As an example of this Grand Vision/Long Trajectory idea, Dunlop refers to the construction of the great European cathedrals, and then contrasts this with "The Tyranny of the Short Term Standard", which is the currently accepted outlook:
"We seem to have lost culturally the capacity that existed during the middle ages which concerned itself with 'meeting the requirements of God' even if it took generations to fulfill such requirements. The constructions of the great cathedrals of Europe were the work of centuries spanning many generations. No such clear sense of over arching necessity of purpose exists today for any national or international project ...We don't aspire to visions of new worlds. The output of enormous effort in the here and now that will not see completion in one's lifetime is a very alien and even humorous idea in an era which is increasingly conditioned to short term expectations of accomplishment and maximized individual consumption." (p. 10, emphasis his)
Dunlop then cites two examples of the "Grand Vision / Long Trajectory" from the modernist era in America, namely the purchases of the Louisiana Territory and of Alaska.
"When the opportunity arose for the purchase of the Louisiana Territory from the French, the amount represented a substantial portion of the entire budget of the United States in 1805. Yet Jefferson, looking ahead over the course of a century or two, realized that the purchase price was an infinitesimal portion of the true value of what was being offered. Against opposition, he persuaded Congress to take the plunge. On a smaller scale, 'Seward's folly' of purchasing Alaska for 67 million dollars in the mid 1860s was another such uncommon example of the long term view prevailing. The economic wisdom of Jefferson and Seward is now clearly apparent after well over a century has passed, but the territorial gain and economic gain of other planets, the Moon, and Mars has eluded every President and Congress since Nixon!" (p. 10, emphasis his).

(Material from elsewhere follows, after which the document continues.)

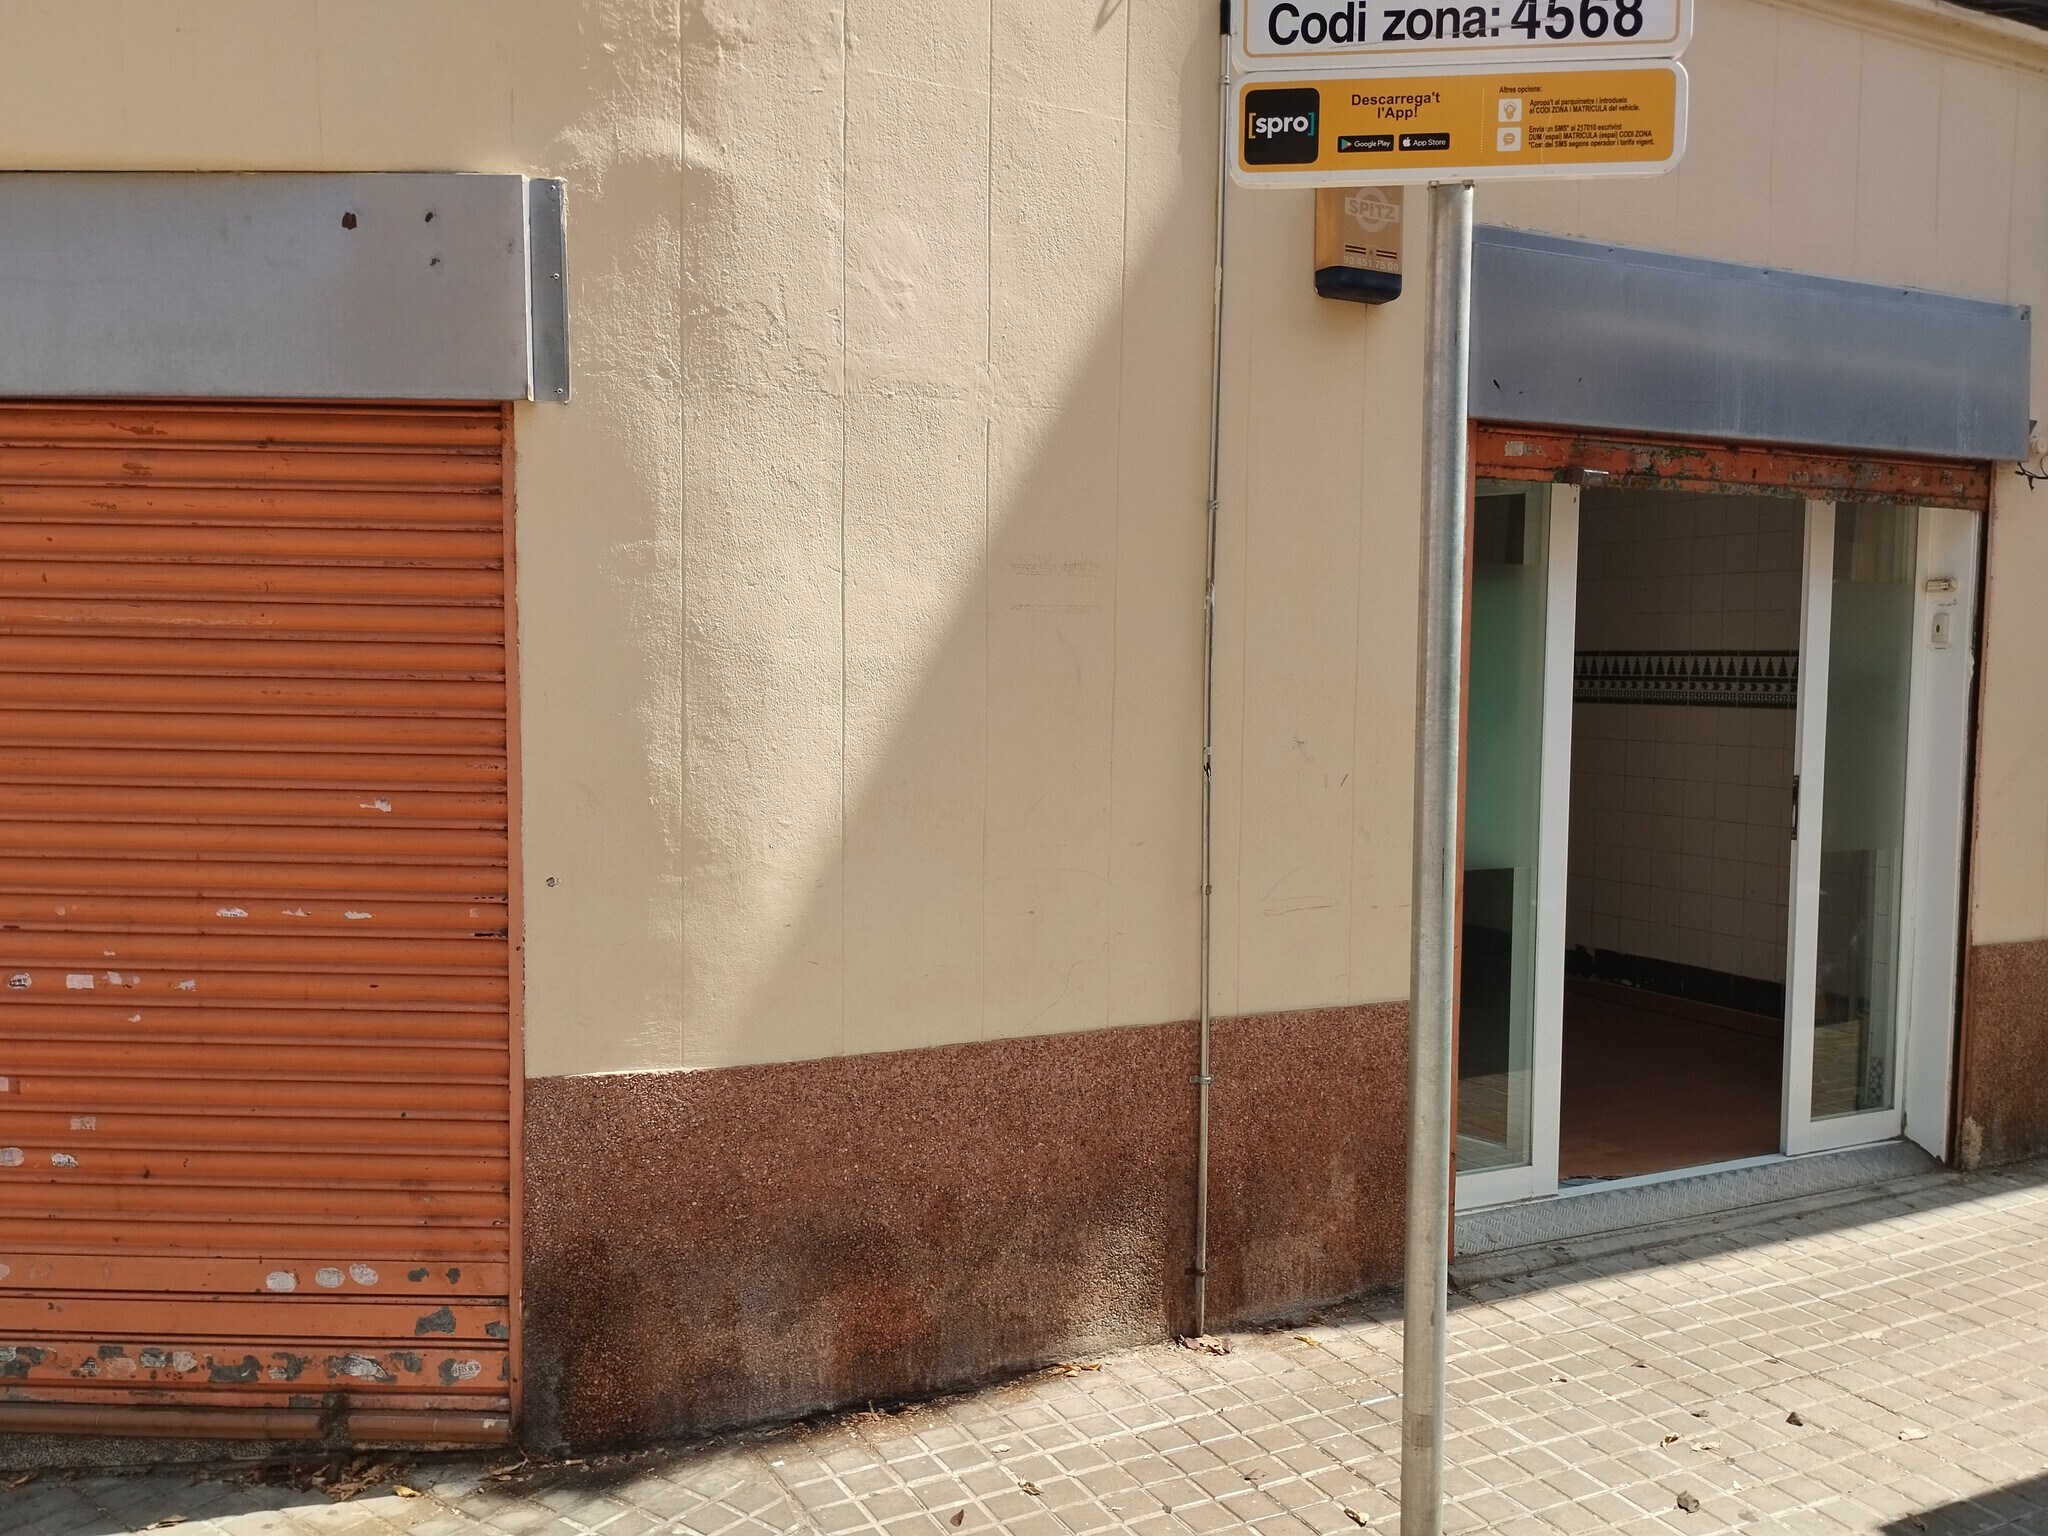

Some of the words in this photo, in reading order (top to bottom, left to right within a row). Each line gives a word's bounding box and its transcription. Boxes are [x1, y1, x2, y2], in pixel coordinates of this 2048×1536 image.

Now I firmly believe, as I have stated in previous articles, and as most other space activists believe, that we must strive to radically reduce the costs of getting to and living in space. But this is not enough. It is even more important that we fight against the prevailing cynical myopic post-modernist spirit, and seek to restore the greatness which Western Culture had during its medieval and modernist eras, when the then predominant Grand Vision & Long Trajectory idea inspired men to dream great dreams and accomplish great works. Let's face it: even with Cheap Access to Space (CATS) and Cheap Utilization of the Resources of Space (CURS) [Ed. an unfortunate acronym!], it is still going to take an enormous amount of money, materials, and manpower to create a spacefaring civilization. People will not be inclined to make this kind of investment in the future until they have been liberated from the postmodernist slough of despondency and set free to once again dream the great dream of fulfilling the next great step in the Dominion Mandate - building the "cathedrals" of the next millennium: human settlements in space.
Forrest W. Schultz is President of the Environment Chapter of the National Space Society, an at large chapter and resides in Grantsville, Georgia.